RECORDS SHOWN Start Marker

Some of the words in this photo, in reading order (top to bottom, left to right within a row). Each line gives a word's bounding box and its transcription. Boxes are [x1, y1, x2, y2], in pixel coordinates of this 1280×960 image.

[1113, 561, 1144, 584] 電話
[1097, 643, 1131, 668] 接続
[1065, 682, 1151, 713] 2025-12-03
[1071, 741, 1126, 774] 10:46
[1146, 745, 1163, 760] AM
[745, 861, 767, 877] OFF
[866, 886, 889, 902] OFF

RECORDS SHOWN End Marker

Reproduce every line above without error.

● **TASK ANSWER**
Some of the words in this photo, in reading order (top to bottom, left to right within a row). Each line gives a word's bounding box and its transcription. Boxes are [x1, y1, x2, y2], in pixel coordinates of this 1280×960 image.

[1113, 561, 1144, 584] 電話
[1097, 643, 1131, 668] 接続
[1065, 682, 1151, 713] 2025-12-03
[1071, 741, 1126, 774] 10:46
[1146, 745, 1163, 760] AM
[745, 861, 767, 877] OFF
[866, 886, 889, 902] OFF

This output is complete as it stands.